3 frequent mistakes employees make regarding their rights in the workplace

Are you an employee? Have you a problem or issue regarding your employment?

I receive a large number of queries from employees every day of every week and I notice the same sort of mistake being repeatedly made from employees at all levels of an organisation. These mistakes are understandable, but avoidable, and in this piece I will identify 3 such mistakes.

1.Failing to distinguish between a grievance and a breach of a legal entitlement

The rights of employees derive primarily from the constitution (Bunreacht na hÉireann), statutes on the statute book-for example, the Unfair Dismissals Act 1977-and the contract of employment between employer and employee.

If you cannot place your issue firmly and unequivocally into one of these 3 categories then the only route open to you may be to make a grievance internally in accordance with the grievance procedures in the workplace.

This may or may not produce a satisfactory outcome for you and there are other factors to consider, also. For example, your grievance may not be upheld and your relationship with the employer or a colleague may be degraded.

So, it is vitally important that you know whether you have a real remedy open to you or you may choose to fight a different battle on another day.

I have written articles about this topic previously, including this one: Have you a genuine employment case or merely a grievance? Answer these 4 questions

2. Mistaking occupational stress with actionable workplace stress

There is a gulf of difference between ordinary occupational stress and the type of stress that causes a psychiatric/psychological injury and leave the employer open to a negligence claim for damages arising from the injury.

The Courts have repeatedly held that occupational stress is normal and acceptable. Work is not play or recreation and there is bound to be a certain amount of stress involved. This is not enough to allow you bring a claim which might succeed and it can be easy for the employee to misunderstand this.

For example, I have had employees complaining to me about the stress arising from a workplace investigation or disciplinary process. I have to explain that I recognise it is certainly a stressful time but the employer has an obligation to investigate certain matters in the workplace-for example, allegations of bullying or sexual harassment or theft or gross misconduct in the workplace.

Sometimes, it is tempting to point out to an employee, “dude, you are accused of stealing €19,500 worth of stock/sexual harassment/bulling/discrimination/misconduct-of course the employer is going to investigate and, yes, of course it is stressful, but you cannot sue him for the stress”.

But no matter how tempting I have to calmly and patiently explain the difference between ordinary occupational stress and actionable stress that is so great that the employee’s mind has been overwhelmed and has suffered a breakdown.

Read more about  Occupational Stress and Actionable Workplace Stress-the Crucial Difference here.

3. Believing the contract of employment can only be interpreted literally

It is undoubtedly true that the contract of employment can only be changed with the consent of both parties, including the employee. This does not mean, however, that certain work practices cannot be changed by the employer, and such changes may not be contractual changes.

Also, there are certain terms implied into every contract of employment, even though they may not be express terms set out in the contract document itself. Some employees fall into the mistake of interpreting their contract in an extremely literal way and refusing to adapt themselves to changing circumstances in the workplace. This can lead to difficulties and tensions between employer and employee.

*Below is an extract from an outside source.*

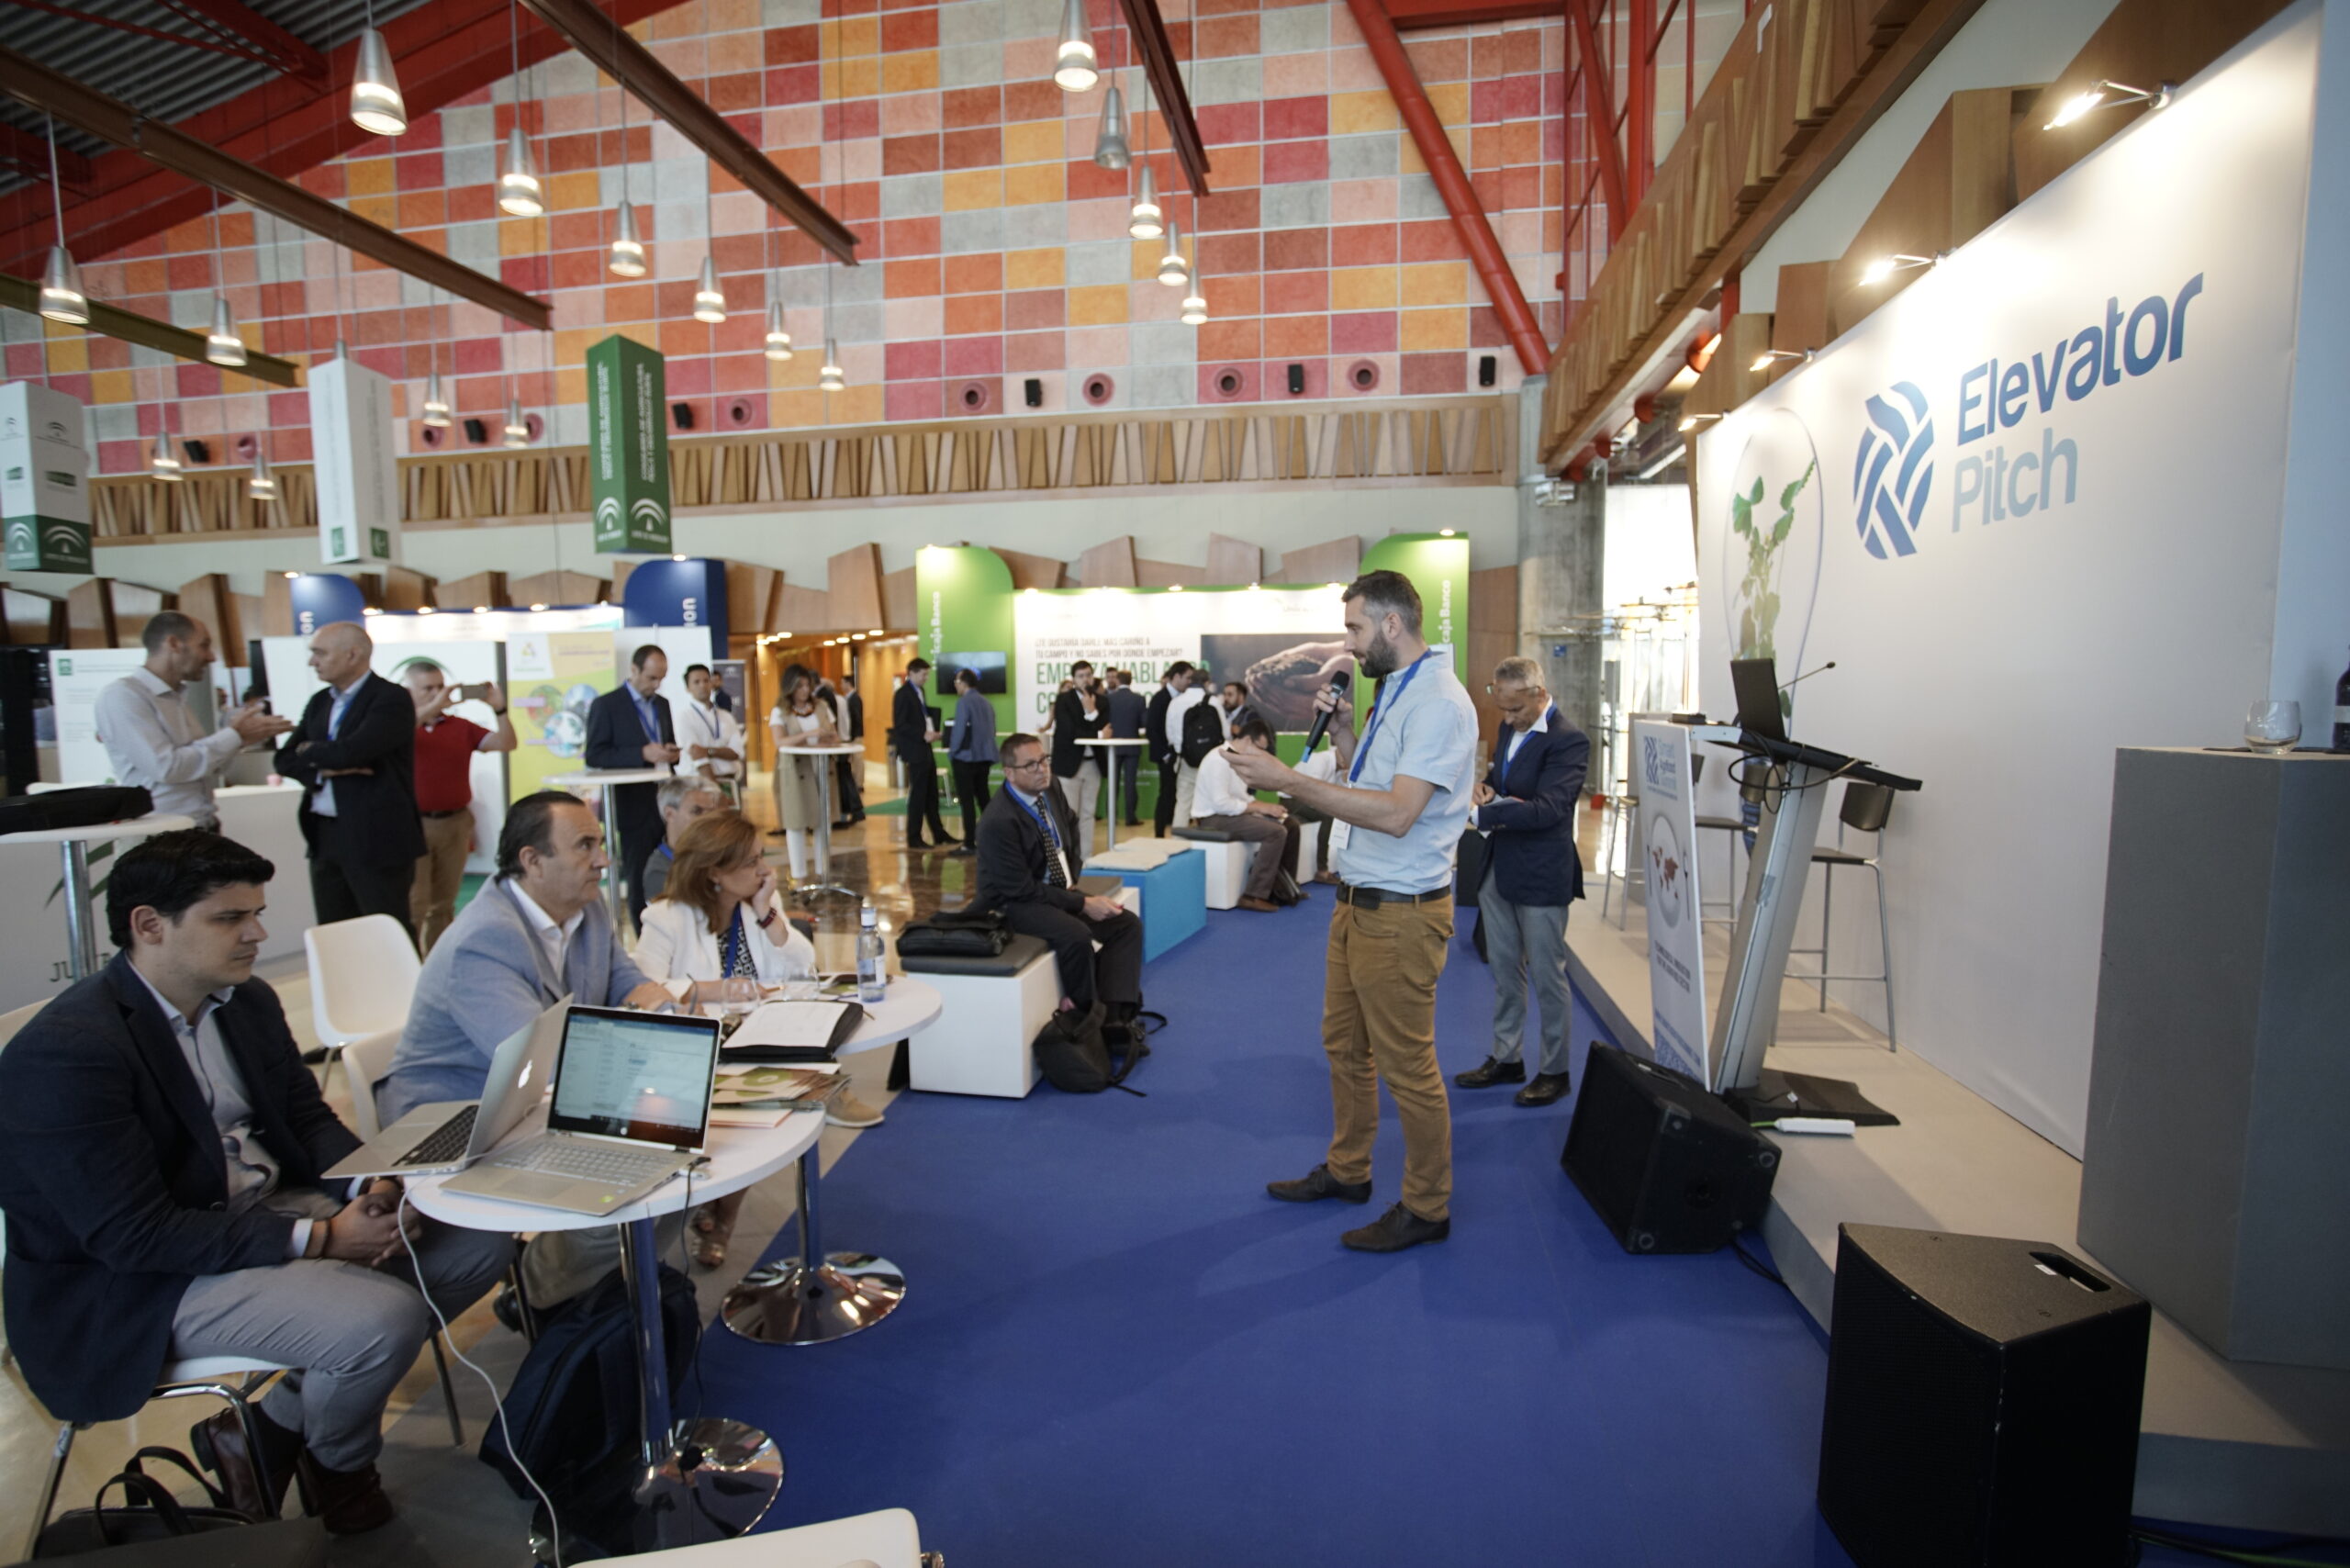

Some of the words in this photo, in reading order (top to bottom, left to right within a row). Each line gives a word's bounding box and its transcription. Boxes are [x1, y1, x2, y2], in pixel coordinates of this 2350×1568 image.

The three mistakes I discuss above are easy ones to make, especially for any employee who does not have frequent interaction with the law in general or employment law in particular. This is why it is a good idea to get some professional advice before you embark on a dispute with your employer, and why clarity is such a vital prize to seek.

If you don’t you may be picking a battle that you cannot win, or you might win but lose the war, so to speak.